Activity:
Print the records below exactly. Omit every picture.
-- Records provided follows --
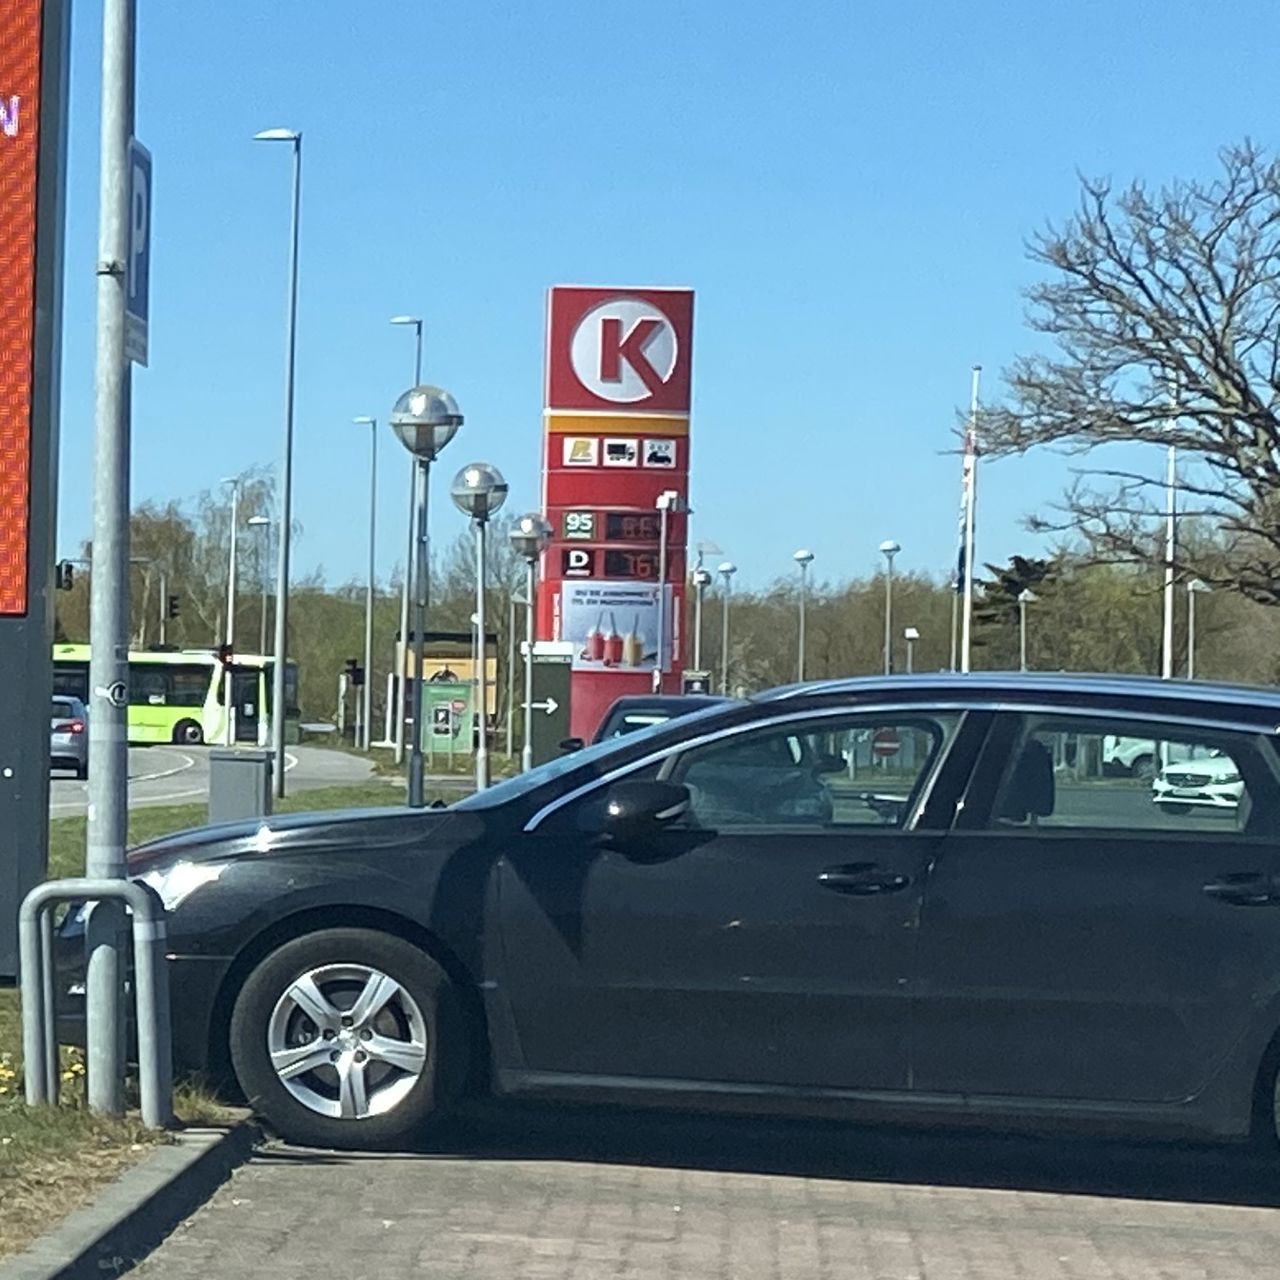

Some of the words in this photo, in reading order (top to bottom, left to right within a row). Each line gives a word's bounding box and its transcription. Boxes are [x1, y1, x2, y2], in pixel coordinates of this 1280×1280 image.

[130, 162, 147, 298] P
[600, 317, 667, 393] K
[566, 512, 593, 531] 95
[569, 550, 590, 568] D
-- Records provided concluded --
Task solution:
Some of the words in this photo, in reading order (top to bottom, left to right within a row). Each line gives a word's bounding box and its transcription. Boxes are [x1, y1, x2, y2], in pixel coordinates of this 1280×1280 image.

[130, 162, 147, 298] P
[600, 317, 667, 393] K
[566, 512, 593, 531] 95
[569, 550, 590, 568] D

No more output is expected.